Monday, February 14, 2022

Conversation: Can White American Evangelicalism be Saved?

 Read 

Some Things Can't Be Saved

When OUT means FREE

https://dianabutlerbass.substack.com/p/some-things-cant-be-saved?r=45vbf&utm_campaign=post&utm_medium=web

After reading this Substack essay, I engaged in the following conversation on FB:

BETH:
Bass writes, "Some things, I suppose, can be reformed. Maybe laws. Certain practices. Someone who has committed a crime. But not entrenched institutions, political parties, or religious movements."

Well, I think that may be Bass's hurt talking. I certainly agree with her that reform can be difficult, if not impossible, for SOME institutions, political parties or religious movements. But consider premodern, pre-Reformation Christianity: there were plenty of reformers before the Reformation.

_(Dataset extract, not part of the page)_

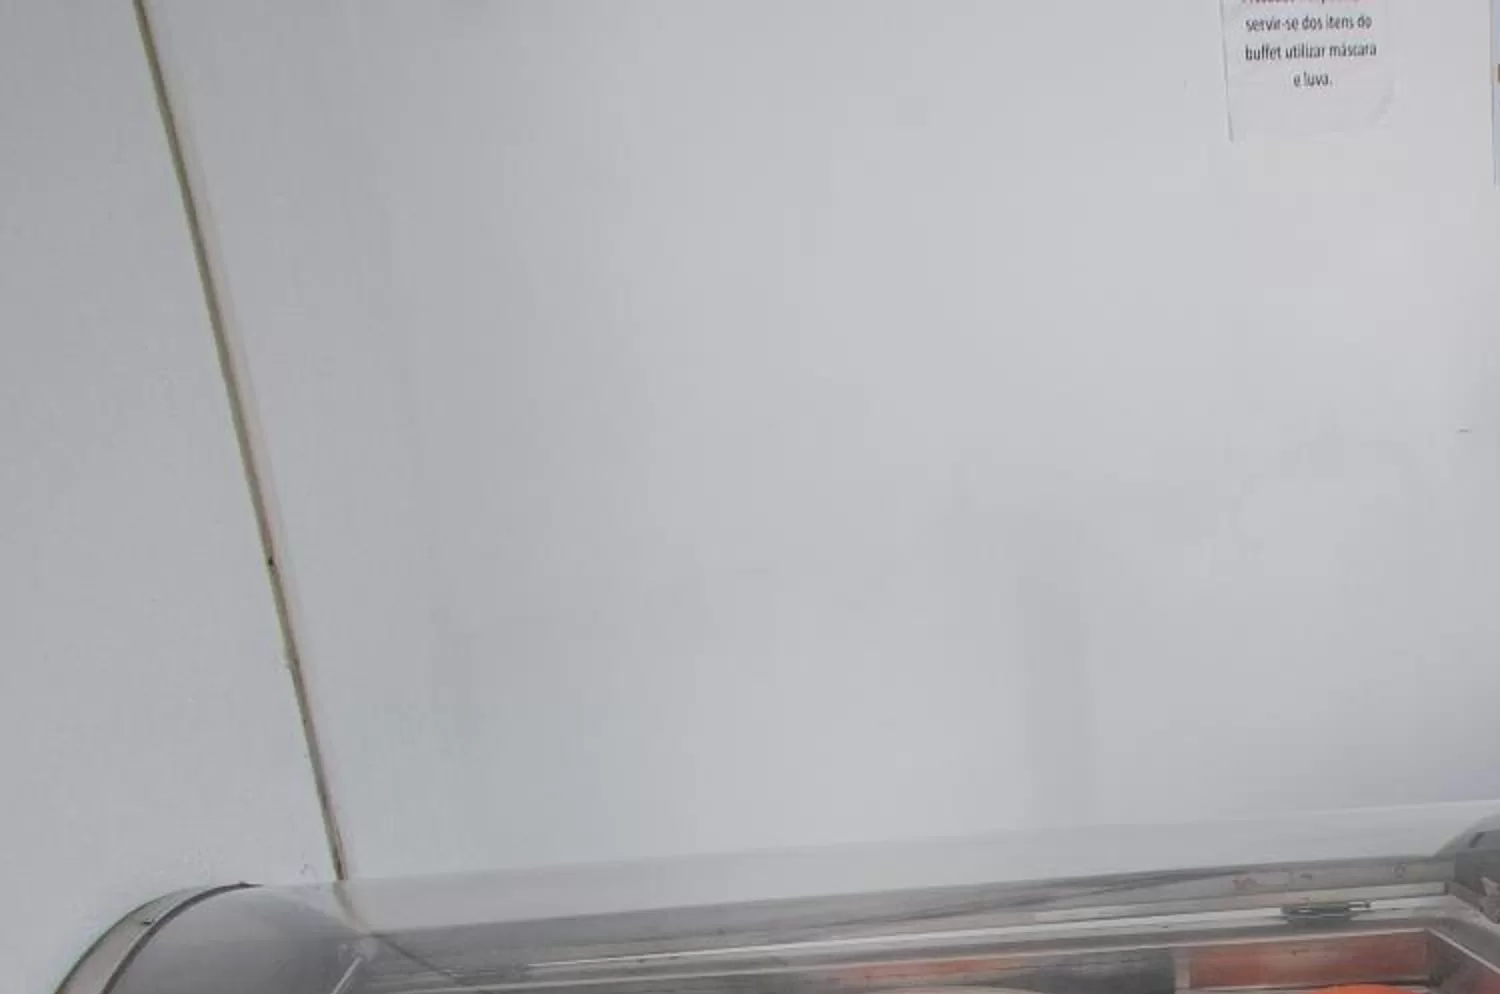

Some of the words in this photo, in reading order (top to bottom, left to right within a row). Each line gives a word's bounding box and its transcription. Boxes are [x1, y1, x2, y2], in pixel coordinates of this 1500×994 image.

Yes, they were mostly people on the margins, and some were indeed made "Non-Persons," like John Wyclif, John Hus, Peter Waldo and the Waldenses, Girolamo Savonarola and (for a time) Jacques Lefèvre d’Ètaples. But others successfully managed to reform their church "from the inside." It is telling, though, that their numbers shrank dramatically as the premodern, realist world shifted to the modern, nominalist world.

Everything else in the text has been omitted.